Team 28

This document is intended to outline the functionality of the E-Nose System, both as a reference for developers and as a quality assurance document for potential clients. The anticipated system is designed to provide effective assistance for Anosmia patients and other consumers in a single device. It shall allow Anosmic people to detect any harmful scents that could lead to undesirable events.

This document targets the developing team responsible to construct the device, along with any potential users. They are going to use our complimentary device to monitor multiple gas spreads.

The E-Nose is divided into four sectors. Starting with the hardware components, It is built using Rasp- berry Pi 3. The Raspberry Pi 3 is a micro-controller that is used to gather inputs via various sensors. An array of Mx Sensors is halted on the micro-controller to detect various gases. Depending on the gases detected, the sensor mechanism will generate voltages. The Raspberry Pi will use ADC (Analog to Digital Converter) to convert the signal provided by the sensors from Analog to binary values. Data acquired through the ADC undergoes the pre-processing phase; Which consists of numerous stages.
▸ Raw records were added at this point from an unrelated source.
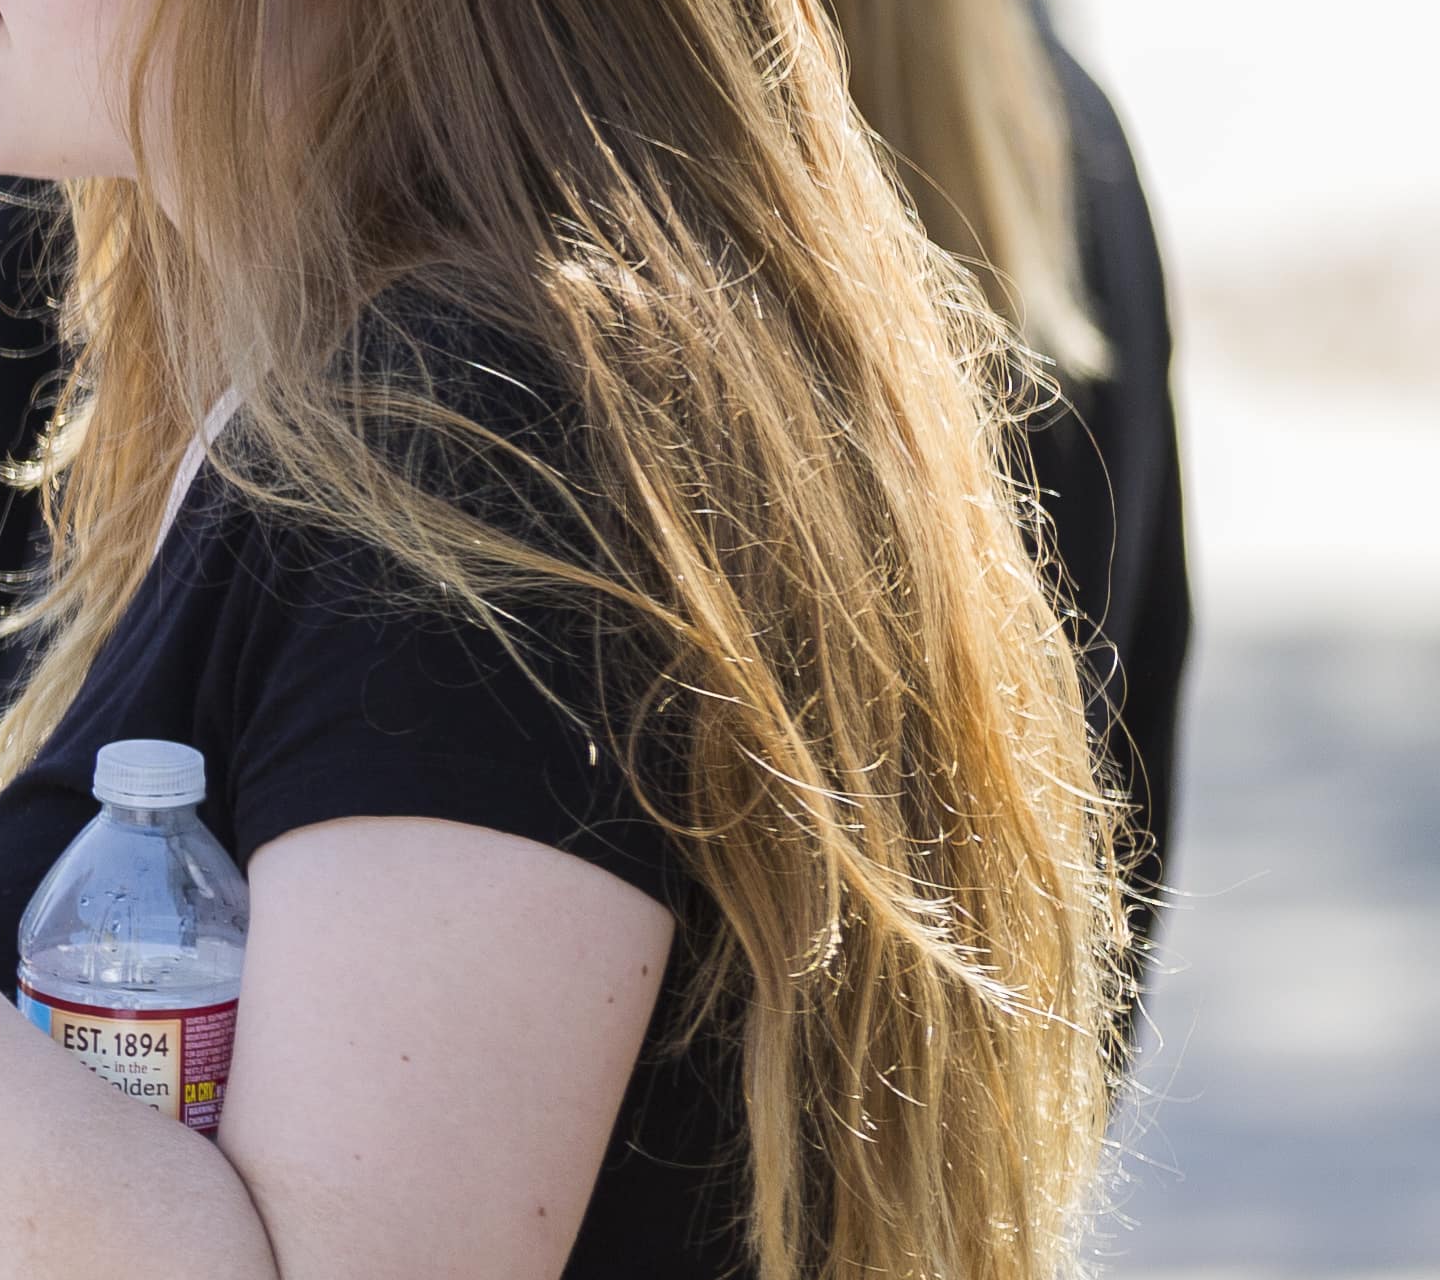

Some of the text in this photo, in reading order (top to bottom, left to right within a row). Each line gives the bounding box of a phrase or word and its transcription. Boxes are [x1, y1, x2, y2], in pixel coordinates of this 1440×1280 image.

[63, 1023, 169, 1058] EST. 1894
[114, 1061, 148, 1074] in the
[108, 1077, 169, 1096] olden
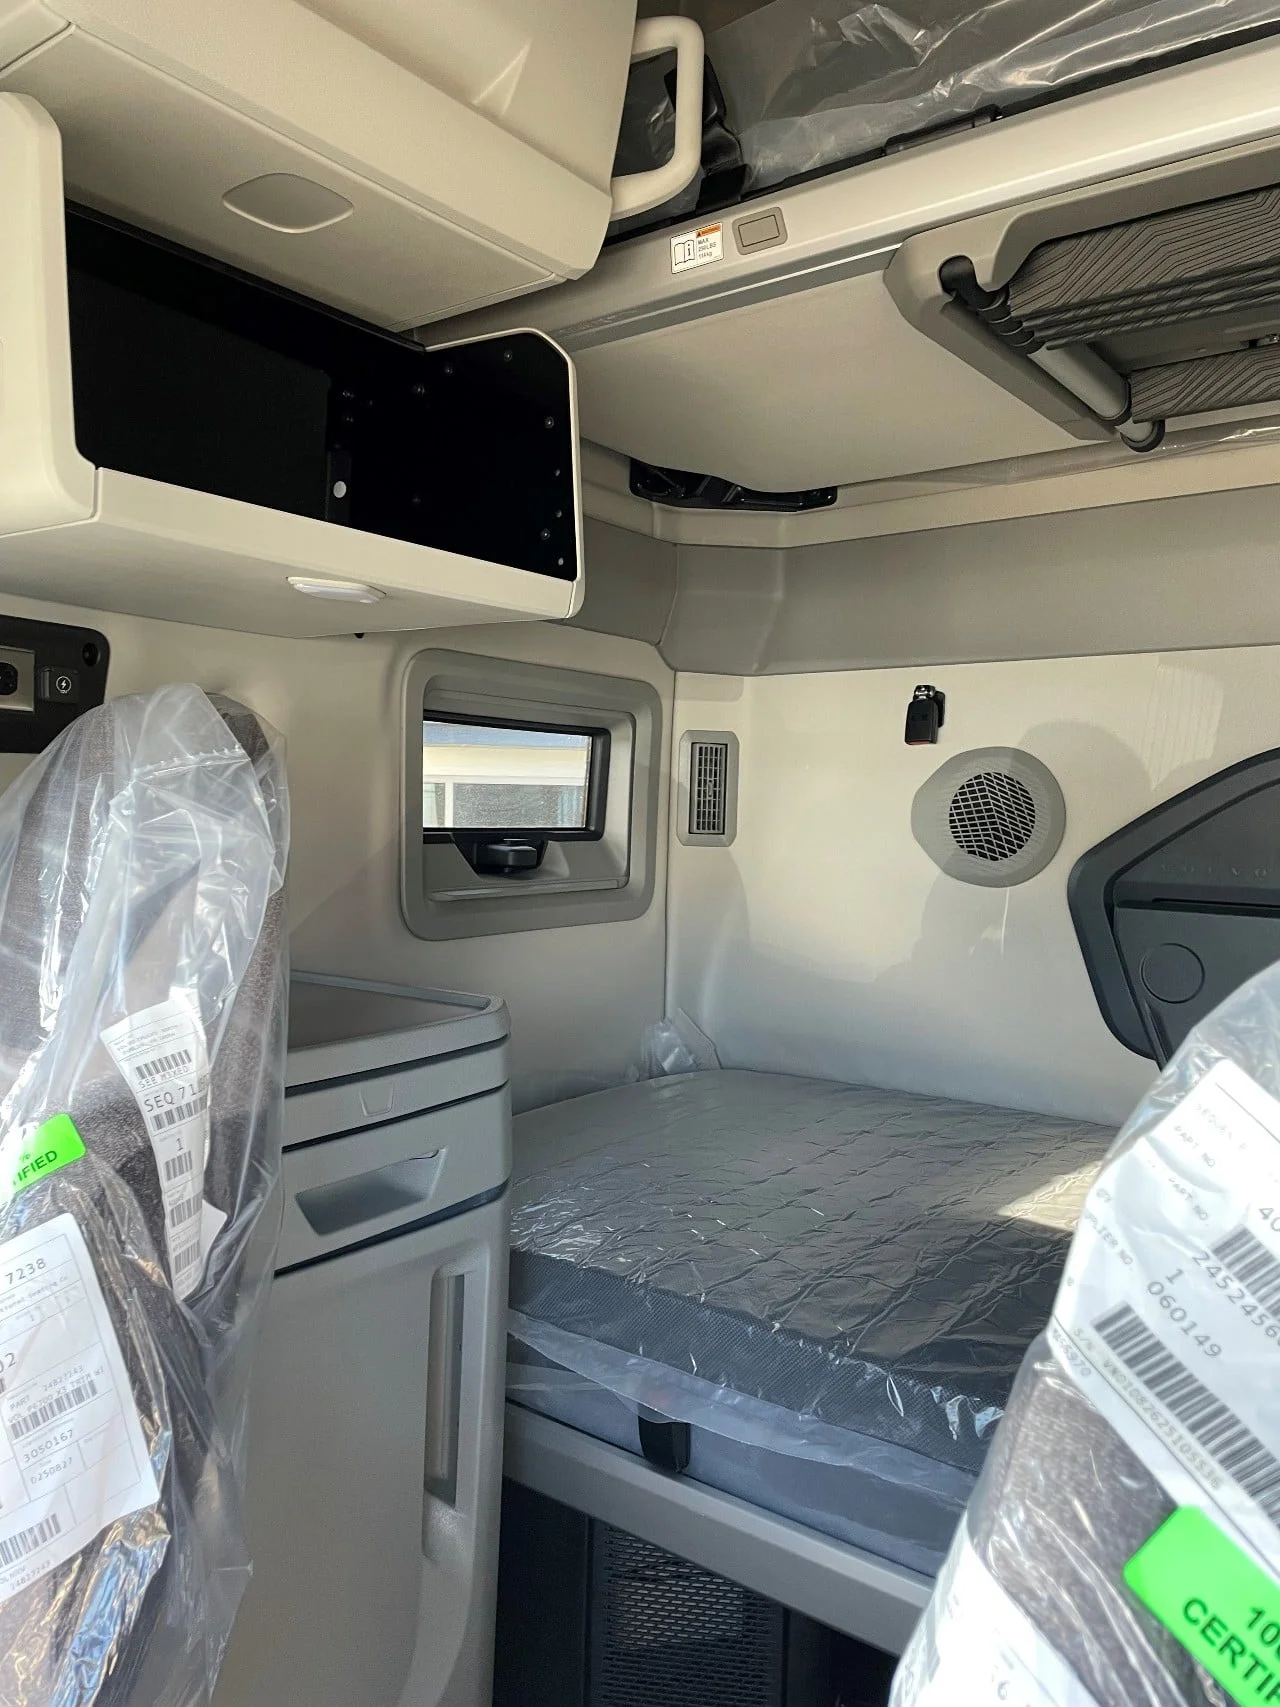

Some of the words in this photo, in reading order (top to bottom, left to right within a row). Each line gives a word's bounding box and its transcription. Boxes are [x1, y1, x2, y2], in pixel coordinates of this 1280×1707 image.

[144, 1091, 175, 1113] SEQ
[175, 1137, 184, 1152] 1
[12, 1150, 58, 1186] IFIED
[4, 1257, 47, 1285] 7238
[1165, 1268, 1185, 1285] 1
[1146, 1280, 1223, 1358] 060149
[23, 1429, 74, 1464] 3050167
Normalization is the process in which you change the values of numeric columns in the dataset to use a common scale. Then there is the standardization process that involves bringing data into a uniform format that allows people to research the data. The data is then scaled to normalize the range of inde- pendent variables of the data. Then, feature selection is applied by dropping the features we don’t need. After that, we start building our model and processing it, using either Training/Testing Split or Cross- Validation. In the training or testing split, the process entails partitioning a dataset into two subgroups. The training dataset is the initial subset, which is used to fit the model. The second subset is not used to train the model; instead, the dataset’s input element is fed into the model, which then makes predictions and compares them to the estimated parameters. Cross-validation is a resampling strategy for testing and training a model on different iterations that uses different chunks of the data. It’s mainly utilized in situations when the aim is to anticipate how well a predictive model will perform in practice. Furthermore, the Odors are then classified to output the result. The sensors check the output results by comparing them to the data sets. This procedure classifies which gas was detected by the sensors. In the last stage, the signals will be sent to the data set. If any unusual events occur, a notification will be sent to the user.
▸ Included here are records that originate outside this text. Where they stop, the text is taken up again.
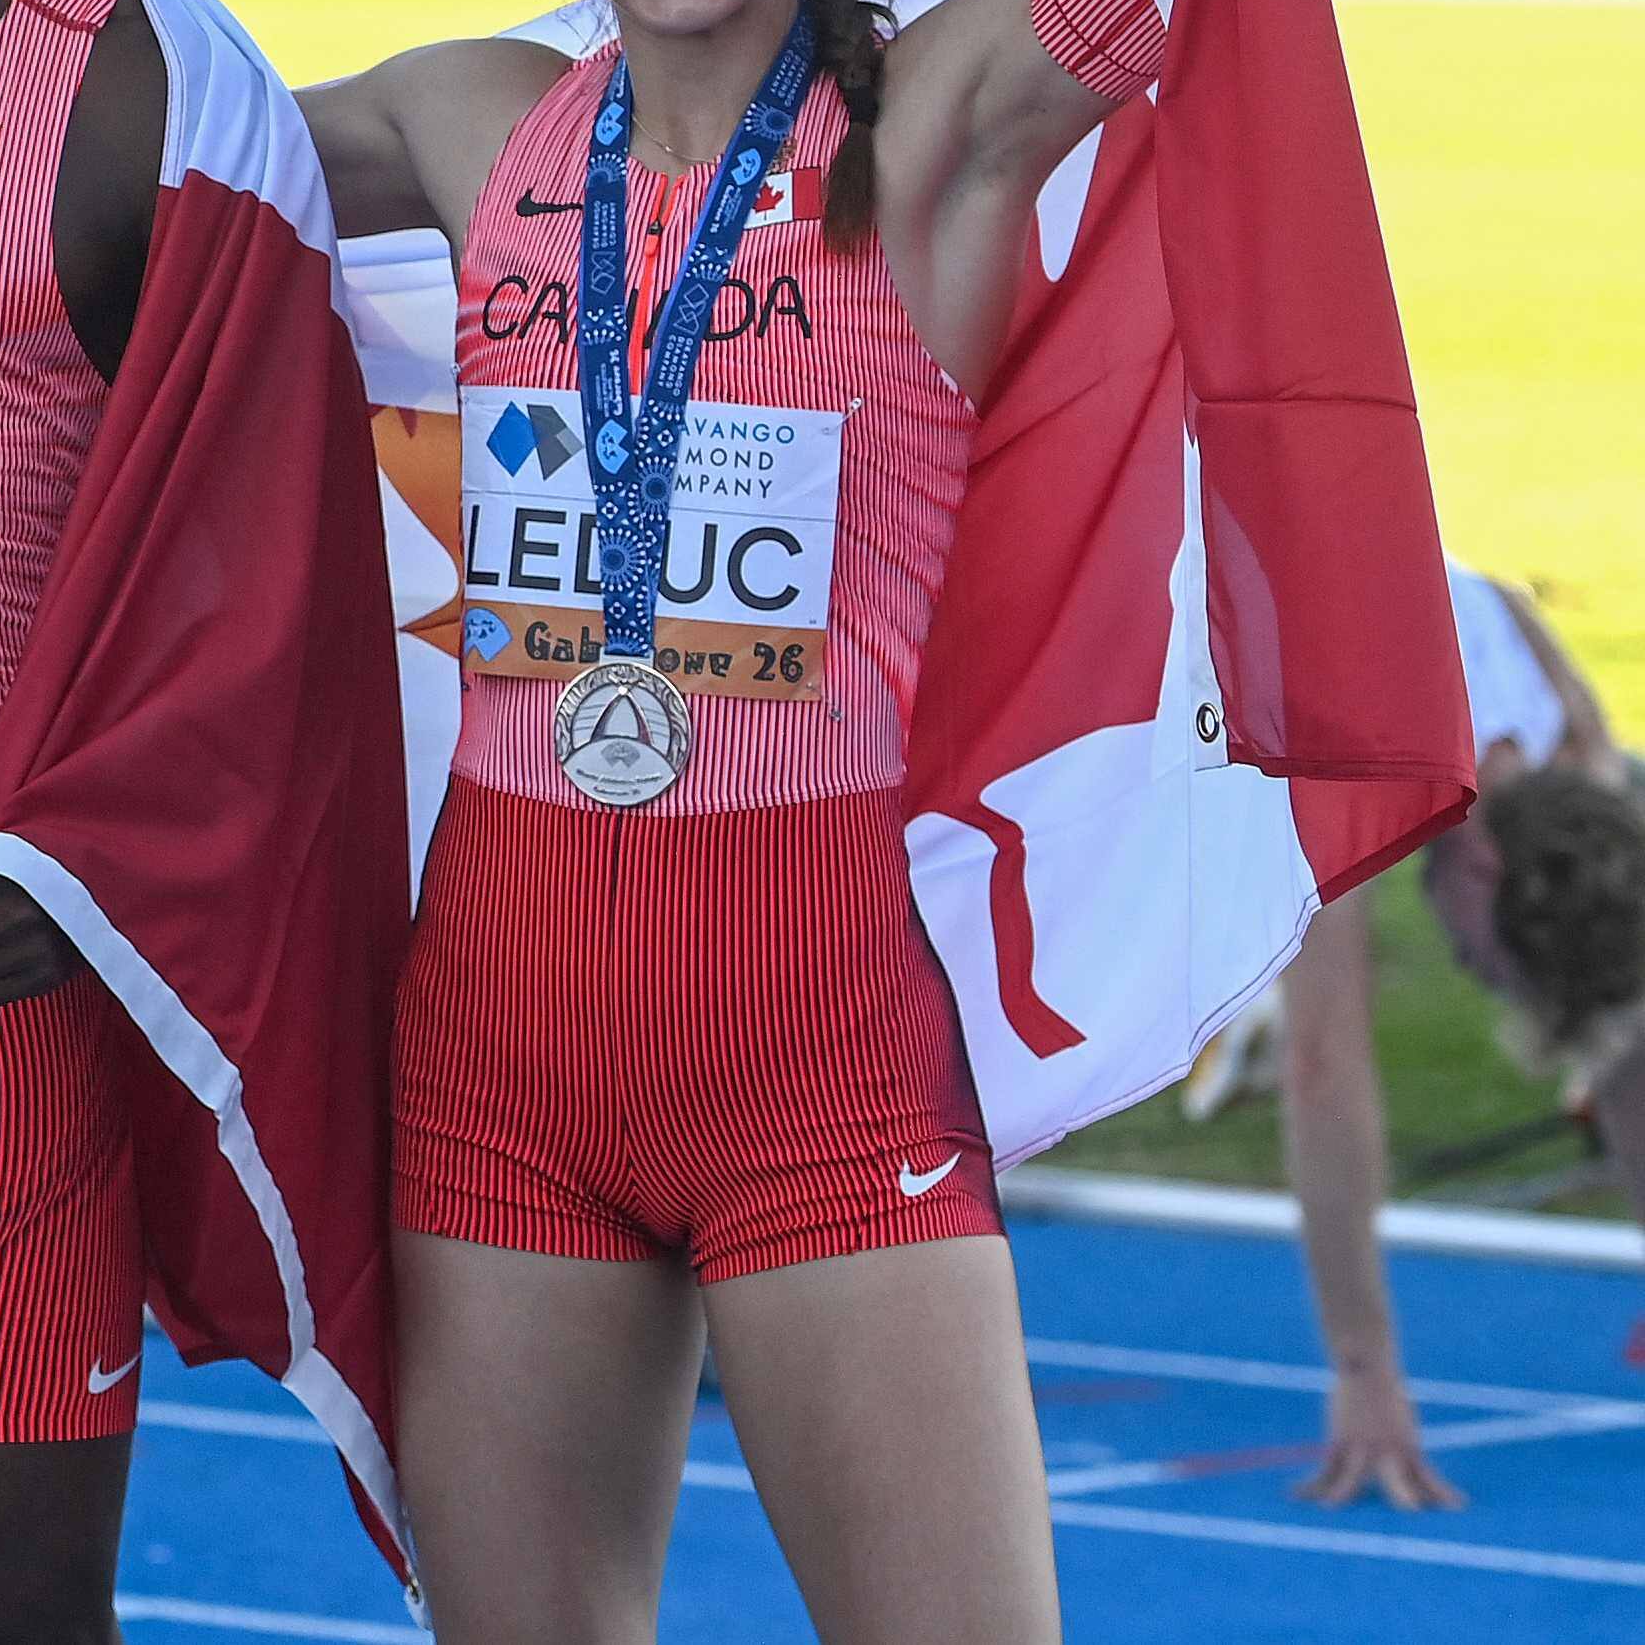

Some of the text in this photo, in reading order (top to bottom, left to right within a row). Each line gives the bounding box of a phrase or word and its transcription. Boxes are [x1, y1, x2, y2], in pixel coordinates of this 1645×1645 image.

[483, 276, 810, 348] CADA
[682, 418, 795, 444] VANGO
[685, 448, 774, 470] MOND
[675, 475, 772, 499] MPANY
[525, 621, 805, 683] Gabone 26
The project varies between 3 different scopes: 1. Assisting: For Anosmia-Suffering Patients and elderly people by detecting harmful gasses. 2. Smart-Planting: Giving a hand within the Agriculture-field to minimize the percentage error, by Automating the decision time of the fruits and vegetables picking procedure to reduce the percentage error of unripped/over ripped fruits and vegetables. 3. Diagnosing: Aiming to detect several diseases threatening people’s well-being, especially Anosmic people, by classifying dangerous diseases whether they are psychological as ’Schizophrenia’ or physical as ’Azotemia’.